Gordon A. Francis, Canada
University of British Columbia MedicinePresenter of 1 Presentation
Defective lysosomal cholesteryl ester processing promotes the formation and altered phenotype of arterial smooth muscle but not macrophage foam cells in humans and mice
Abstract
Background and Aims
We previously reported that smooth muscle cells (SMCs) comprise the majority of foam cells in human and apoE-/- mouse atheromas.

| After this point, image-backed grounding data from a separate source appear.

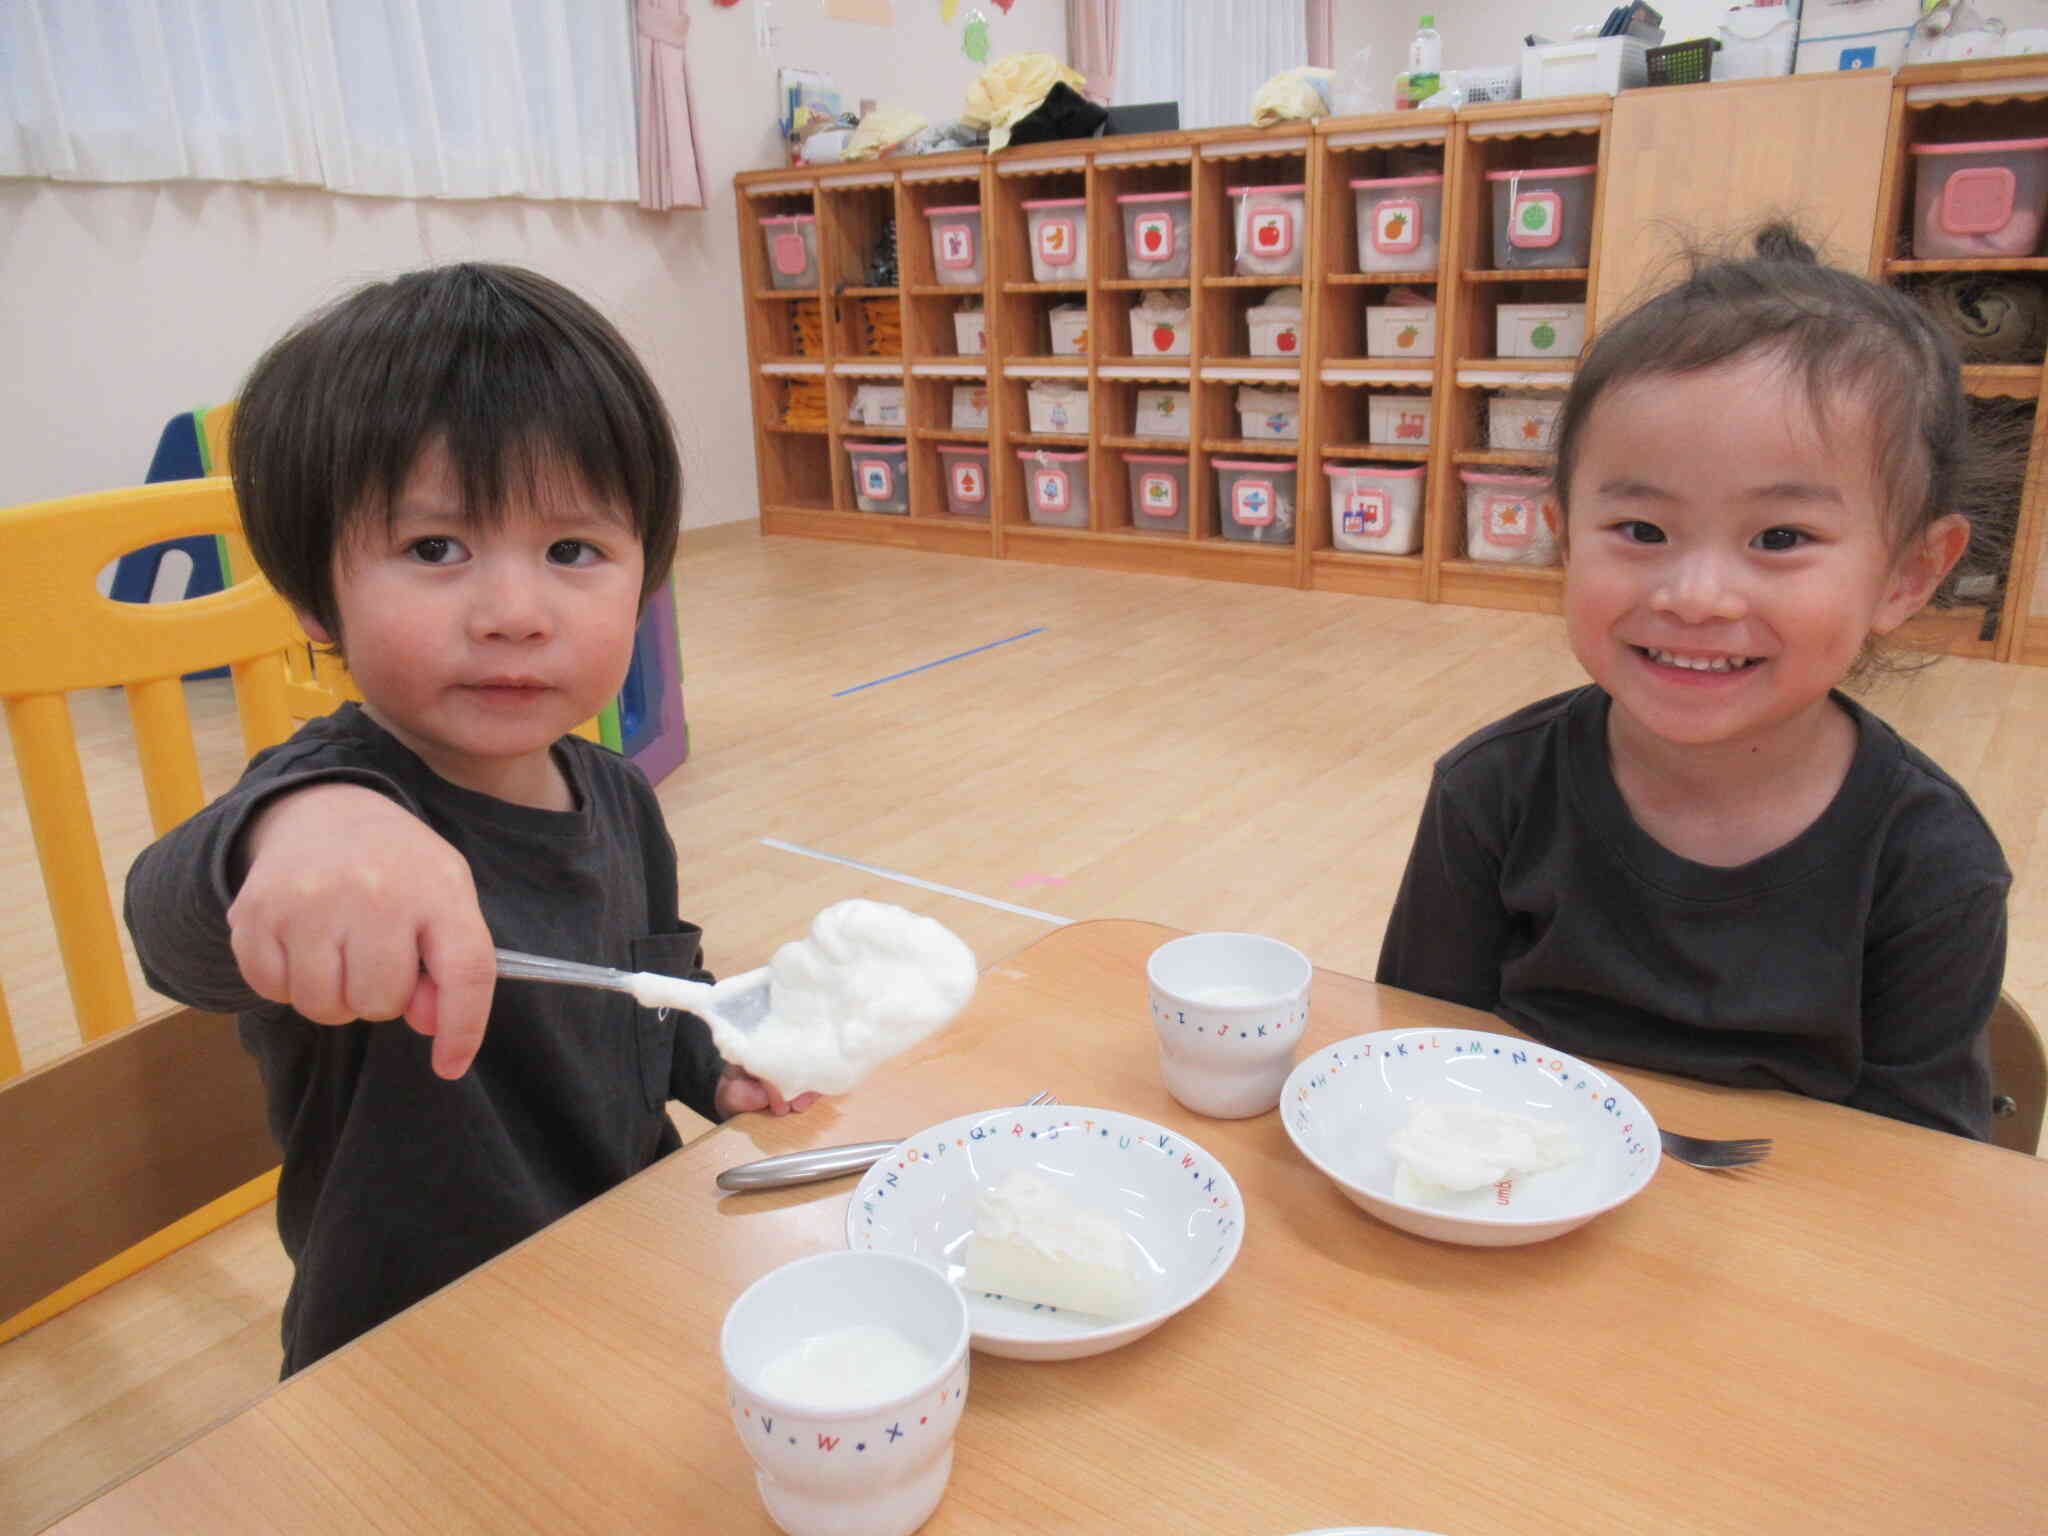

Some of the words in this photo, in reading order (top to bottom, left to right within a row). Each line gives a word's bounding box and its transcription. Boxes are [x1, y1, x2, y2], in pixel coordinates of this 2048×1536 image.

[1256, 1023, 1268, 1038] K
[1362, 1044, 1373, 1056] J
[1397, 1043, 1408, 1056] K
[1470, 1039, 1482, 1054] M
[1512, 1050, 1527, 1065] N
[1550, 1060, 1563, 1072] O
[1604, 1096, 1616, 1113] Q
[885, 1171, 899, 1188] N
[907, 1149, 919, 1162] O
[970, 1126, 986, 1140] Q
[1011, 1123, 1024, 1137] R
[1119, 1135, 1131, 1150] U
[1159, 1134, 1170, 1149] V
[1203, 1177, 1215, 1192] X
[760, 1415, 773, 1434] V
[816, 1433, 841, 1452] W
[885, 1421, 905, 1444] X

In the present study we investigated the potential role of lysosomal dysfunction and lysosomal acid lipase (LAL) in foam cell formation by SMCs and macrophages in vitro and in vivo.
Methods
Human and mouse arterial SMCs and macrophages treated with aggregated LDL (agLDL) to generate foam cells, and foam cells isolated from apoE-deficient mice, were investigated for lysosomal cholesterol metabolism and sites of lipid storage. Cultured foam cells and human and mouse atheromas were analyzed for LAL expression.
Results
Following agLDL loading, confocal microscopy revealed retention of cholesteryl ester droplets within lysosomal compartments in human and mouse SMCs, while macrophages showed most lipid droplets in cytosolic compartments. Macrophage foam cells isolated from apoE-/- mice showed higher cell granularity as determined by forward scatter on fluorescence-activated cell sorting when compared to SMC foam cells. SMC foam cells showed no defects in lysosomal acidification or proteolysis, however, LAL expression and activity was markedly reduced in SMCs compared to macrophages both in culture and in human and mouse atheromas.
Conclusions
Arterial SMC foam cells show a striking reduction in LAL activity and storage of lipoprotein cholesteryl esters primarily in lysosomal compartments when compared to macrophage foam cells both in vitro and in vivo. This provides a likely reason for the propensity of SMCs to form the majority of atheroma foam cells, and a novel target for the prevention and regression of atherosclerosis.